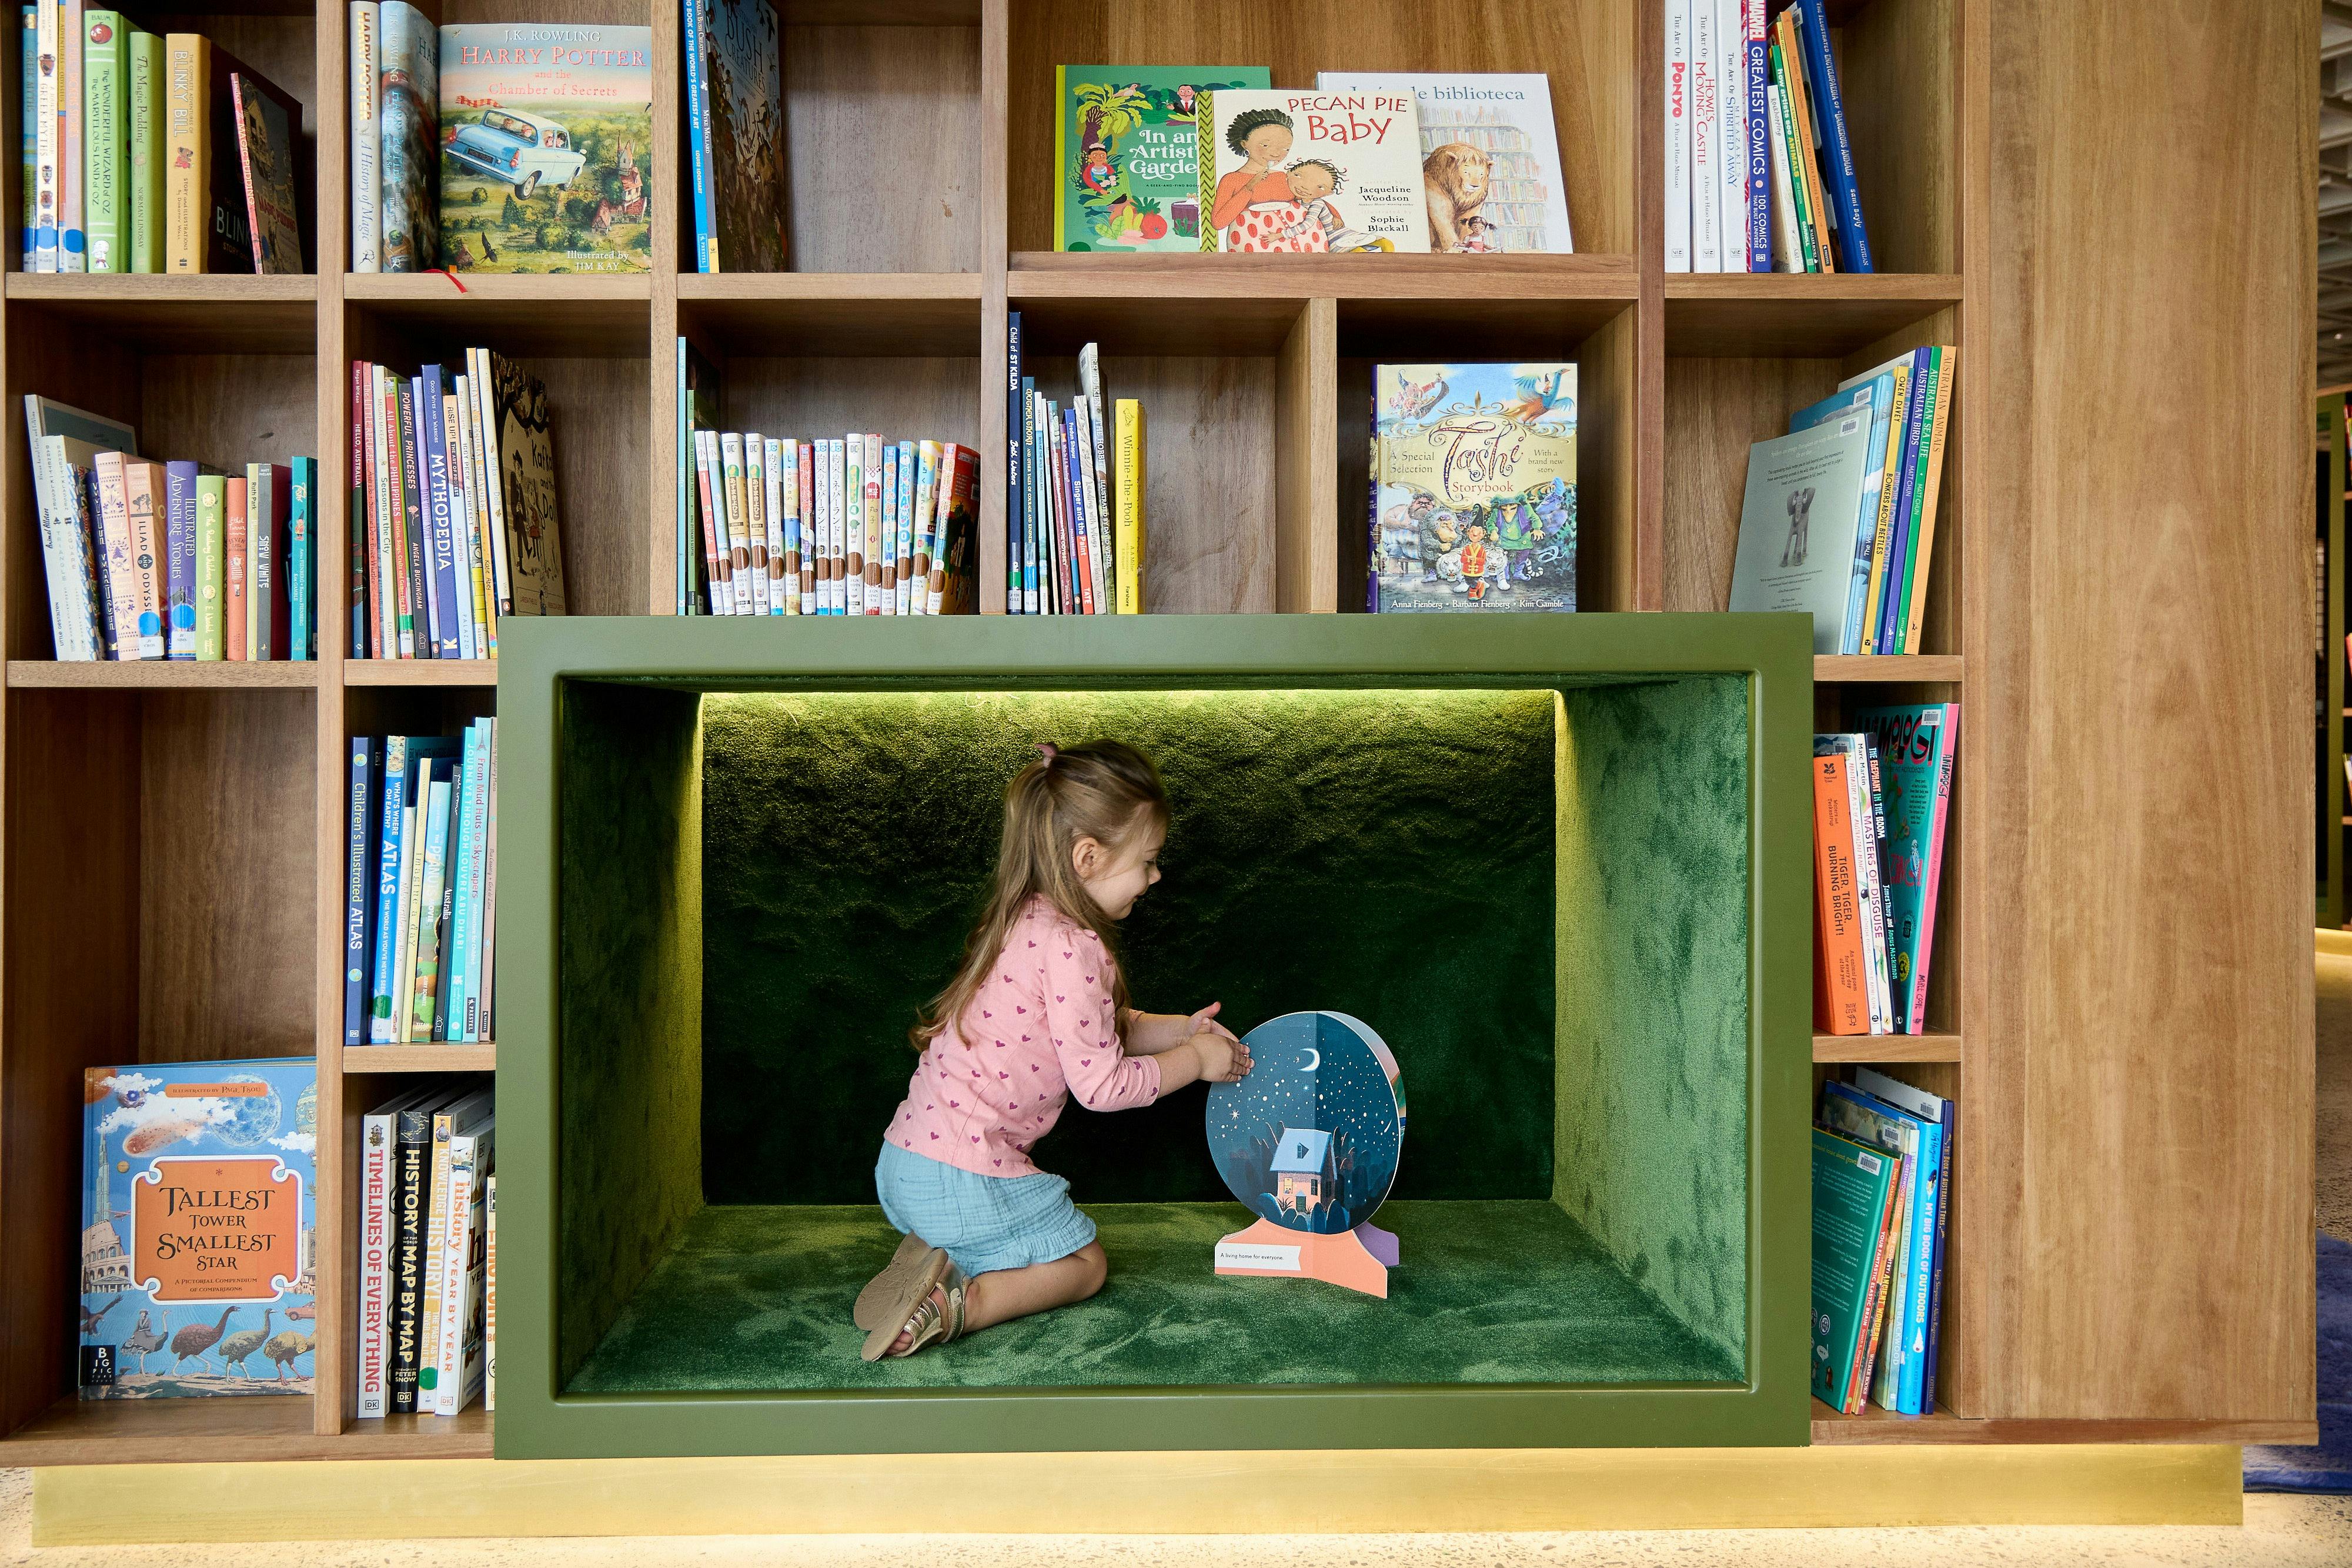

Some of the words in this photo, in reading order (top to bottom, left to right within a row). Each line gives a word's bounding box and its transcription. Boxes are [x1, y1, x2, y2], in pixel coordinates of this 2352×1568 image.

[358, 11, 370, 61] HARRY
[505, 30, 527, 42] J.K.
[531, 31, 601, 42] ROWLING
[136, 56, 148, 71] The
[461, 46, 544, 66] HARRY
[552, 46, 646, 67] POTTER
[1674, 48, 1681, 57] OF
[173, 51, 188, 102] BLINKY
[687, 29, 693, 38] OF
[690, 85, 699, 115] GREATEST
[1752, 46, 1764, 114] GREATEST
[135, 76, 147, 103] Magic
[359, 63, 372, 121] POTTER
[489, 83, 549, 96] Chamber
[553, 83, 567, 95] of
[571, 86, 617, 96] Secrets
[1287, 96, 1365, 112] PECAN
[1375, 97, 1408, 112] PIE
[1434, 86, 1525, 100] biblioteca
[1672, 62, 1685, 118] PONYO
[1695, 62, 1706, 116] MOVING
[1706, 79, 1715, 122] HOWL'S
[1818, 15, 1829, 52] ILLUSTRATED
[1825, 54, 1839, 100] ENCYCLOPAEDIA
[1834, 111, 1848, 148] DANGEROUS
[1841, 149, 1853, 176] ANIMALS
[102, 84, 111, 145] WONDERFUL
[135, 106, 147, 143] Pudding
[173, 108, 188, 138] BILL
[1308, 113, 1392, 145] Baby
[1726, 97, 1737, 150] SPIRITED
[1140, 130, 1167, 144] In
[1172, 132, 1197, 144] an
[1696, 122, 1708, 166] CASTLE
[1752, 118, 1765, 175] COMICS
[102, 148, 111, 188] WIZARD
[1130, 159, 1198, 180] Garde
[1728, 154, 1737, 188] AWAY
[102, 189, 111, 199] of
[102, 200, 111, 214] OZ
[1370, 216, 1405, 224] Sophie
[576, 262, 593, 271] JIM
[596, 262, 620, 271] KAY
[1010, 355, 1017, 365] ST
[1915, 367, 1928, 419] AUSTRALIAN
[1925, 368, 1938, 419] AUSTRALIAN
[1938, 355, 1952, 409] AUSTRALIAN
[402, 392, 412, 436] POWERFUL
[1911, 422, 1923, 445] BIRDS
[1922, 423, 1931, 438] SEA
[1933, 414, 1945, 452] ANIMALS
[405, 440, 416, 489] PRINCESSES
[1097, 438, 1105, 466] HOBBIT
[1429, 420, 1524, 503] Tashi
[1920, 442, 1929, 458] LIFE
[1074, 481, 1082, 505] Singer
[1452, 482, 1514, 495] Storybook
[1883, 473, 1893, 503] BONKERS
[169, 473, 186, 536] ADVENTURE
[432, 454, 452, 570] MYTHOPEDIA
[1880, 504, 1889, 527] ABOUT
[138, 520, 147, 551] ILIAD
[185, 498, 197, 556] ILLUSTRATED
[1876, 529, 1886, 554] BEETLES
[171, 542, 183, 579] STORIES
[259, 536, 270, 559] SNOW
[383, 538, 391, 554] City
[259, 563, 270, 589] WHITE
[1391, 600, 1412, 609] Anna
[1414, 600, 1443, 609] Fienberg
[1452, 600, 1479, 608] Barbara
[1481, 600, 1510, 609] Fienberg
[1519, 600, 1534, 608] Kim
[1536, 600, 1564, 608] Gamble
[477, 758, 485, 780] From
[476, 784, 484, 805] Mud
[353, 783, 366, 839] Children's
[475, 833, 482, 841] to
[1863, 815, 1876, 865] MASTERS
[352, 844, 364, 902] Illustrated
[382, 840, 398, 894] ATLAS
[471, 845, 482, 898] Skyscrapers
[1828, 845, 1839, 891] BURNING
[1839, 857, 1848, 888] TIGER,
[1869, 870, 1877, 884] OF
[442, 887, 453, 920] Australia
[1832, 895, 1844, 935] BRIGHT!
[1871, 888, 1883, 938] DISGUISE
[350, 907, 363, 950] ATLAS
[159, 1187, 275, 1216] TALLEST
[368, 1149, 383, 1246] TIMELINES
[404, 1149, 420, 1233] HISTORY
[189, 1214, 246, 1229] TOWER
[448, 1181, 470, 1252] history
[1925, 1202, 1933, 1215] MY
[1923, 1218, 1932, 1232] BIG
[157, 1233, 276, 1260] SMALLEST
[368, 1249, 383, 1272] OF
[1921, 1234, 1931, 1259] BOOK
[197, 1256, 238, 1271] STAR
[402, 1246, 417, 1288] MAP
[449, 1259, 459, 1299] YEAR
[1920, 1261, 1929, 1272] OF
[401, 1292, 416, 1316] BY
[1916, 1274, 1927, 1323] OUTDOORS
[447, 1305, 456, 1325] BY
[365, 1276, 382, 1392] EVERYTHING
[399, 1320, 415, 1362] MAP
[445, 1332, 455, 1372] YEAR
──────────
Try it =
Each line of the records above must be repeated exactly, but no picture belongs in the copy.

Exercise answer =
Some of the words in this photo, in reading order (top to bottom, left to right within a row). Each line gives a word's bounding box and its transcription. Boxes are [x1, y1, x2, y2], in pixel coordinates of this 2352×1568 image.

[358, 11, 370, 61] HARRY
[505, 30, 527, 42] J.K.
[531, 31, 601, 42] ROWLING
[136, 56, 148, 71] The
[461, 46, 544, 66] HARRY
[552, 46, 646, 67] POTTER
[1674, 48, 1681, 57] OF
[173, 51, 188, 102] BLINKY
[687, 29, 693, 38] OF
[690, 85, 699, 115] GREATEST
[1752, 46, 1764, 114] GREATEST
[135, 76, 147, 103] Magic
[359, 63, 372, 121] POTTER
[489, 83, 549, 96] Chamber
[553, 83, 567, 95] of
[571, 86, 617, 96] Secrets
[1287, 96, 1365, 112] PECAN
[1375, 97, 1408, 112] PIE
[1434, 86, 1525, 100] biblioteca
[1672, 62, 1685, 118] PONYO
[1695, 62, 1706, 116] MOVING
[1706, 79, 1715, 122] HOWL'S
[1818, 15, 1829, 52] ILLUSTRATED
[1825, 54, 1839, 100] ENCYCLOPAEDIA
[1834, 111, 1848, 148] DANGEROUS
[1841, 149, 1853, 176] ANIMALS
[102, 84, 111, 145] WONDERFUL
[135, 106, 147, 143] Pudding
[173, 108, 188, 138] BILL
[1308, 113, 1392, 145] Baby
[1726, 97, 1737, 150] SPIRITED
[1140, 130, 1167, 144] In
[1172, 132, 1197, 144] an
[1696, 122, 1708, 166] CASTLE
[1752, 118, 1765, 175] COMICS
[102, 148, 111, 188] WIZARD
[1130, 159, 1198, 180] Garde
[1728, 154, 1737, 188] AWAY
[102, 189, 111, 199] of
[102, 200, 111, 214] OZ
[1370, 216, 1405, 224] Sophie
[576, 262, 593, 271] JIM
[596, 262, 620, 271] KAY
[1010, 355, 1017, 365] ST
[1915, 367, 1928, 419] AUSTRALIAN
[1925, 368, 1938, 419] AUSTRALIAN
[1938, 355, 1952, 409] AUSTRALIAN
[402, 392, 412, 436] POWERFUL
[1911, 422, 1923, 445] BIRDS
[1922, 423, 1931, 438] SEA
[1933, 414, 1945, 452] ANIMALS
[405, 440, 416, 489] PRINCESSES
[1097, 438, 1105, 466] HOBBIT
[1429, 420, 1524, 503] Tashi
[1920, 442, 1929, 458] LIFE
[1074, 481, 1082, 505] Singer
[1452, 482, 1514, 495] Storybook
[1883, 473, 1893, 503] BONKERS
[169, 473, 186, 536] ADVENTURE
[432, 454, 452, 570] MYTHOPEDIA
[1880, 504, 1889, 527] ABOUT
[138, 520, 147, 551] ILIAD
[185, 498, 197, 556] ILLUSTRATED
[1876, 529, 1886, 554] BEETLES
[171, 542, 183, 579] STORIES
[259, 536, 270, 559] SNOW
[383, 538, 391, 554] City
[259, 563, 270, 589] WHITE
[1391, 600, 1412, 609] Anna
[1414, 600, 1443, 609] Fienberg
[1452, 600, 1479, 608] Barbara
[1481, 600, 1510, 609] Fienberg
[1519, 600, 1534, 608] Kim
[1536, 600, 1564, 608] Gamble
[477, 758, 485, 780] From
[476, 784, 484, 805] Mud
[353, 783, 366, 839] Children's
[475, 833, 482, 841] to
[1863, 815, 1876, 865] MASTERS
[352, 844, 364, 902] Illustrated
[382, 840, 398, 894] ATLAS
[471, 845, 482, 898] Skyscrapers
[1828, 845, 1839, 891] BURNING
[1839, 857, 1848, 888] TIGER,
[1869, 870, 1877, 884] OF
[442, 887, 453, 920] Australia
[1832, 895, 1844, 935] BRIGHT!
[1871, 888, 1883, 938] DISGUISE
[350, 907, 363, 950] ATLAS
[159, 1187, 275, 1216] TALLEST
[368, 1149, 383, 1246] TIMELINES
[404, 1149, 420, 1233] HISTORY
[189, 1214, 246, 1229] TOWER
[448, 1181, 470, 1252] history
[1925, 1202, 1933, 1215] MY
[1923, 1218, 1932, 1232] BIG
[157, 1233, 276, 1260] SMALLEST
[368, 1249, 383, 1272] OF
[1921, 1234, 1931, 1259] BOOK
[197, 1256, 238, 1271] STAR
[402, 1246, 417, 1288] MAP
[449, 1259, 459, 1299] YEAR
[1920, 1261, 1929, 1272] OF
[401, 1292, 416, 1316] BY
[1916, 1274, 1927, 1323] OUTDOORS
[447, 1305, 456, 1325] BY
[365, 1276, 382, 1392] EVERYTHING
[399, 1320, 415, 1362] MAP
[445, 1332, 455, 1372] YEAR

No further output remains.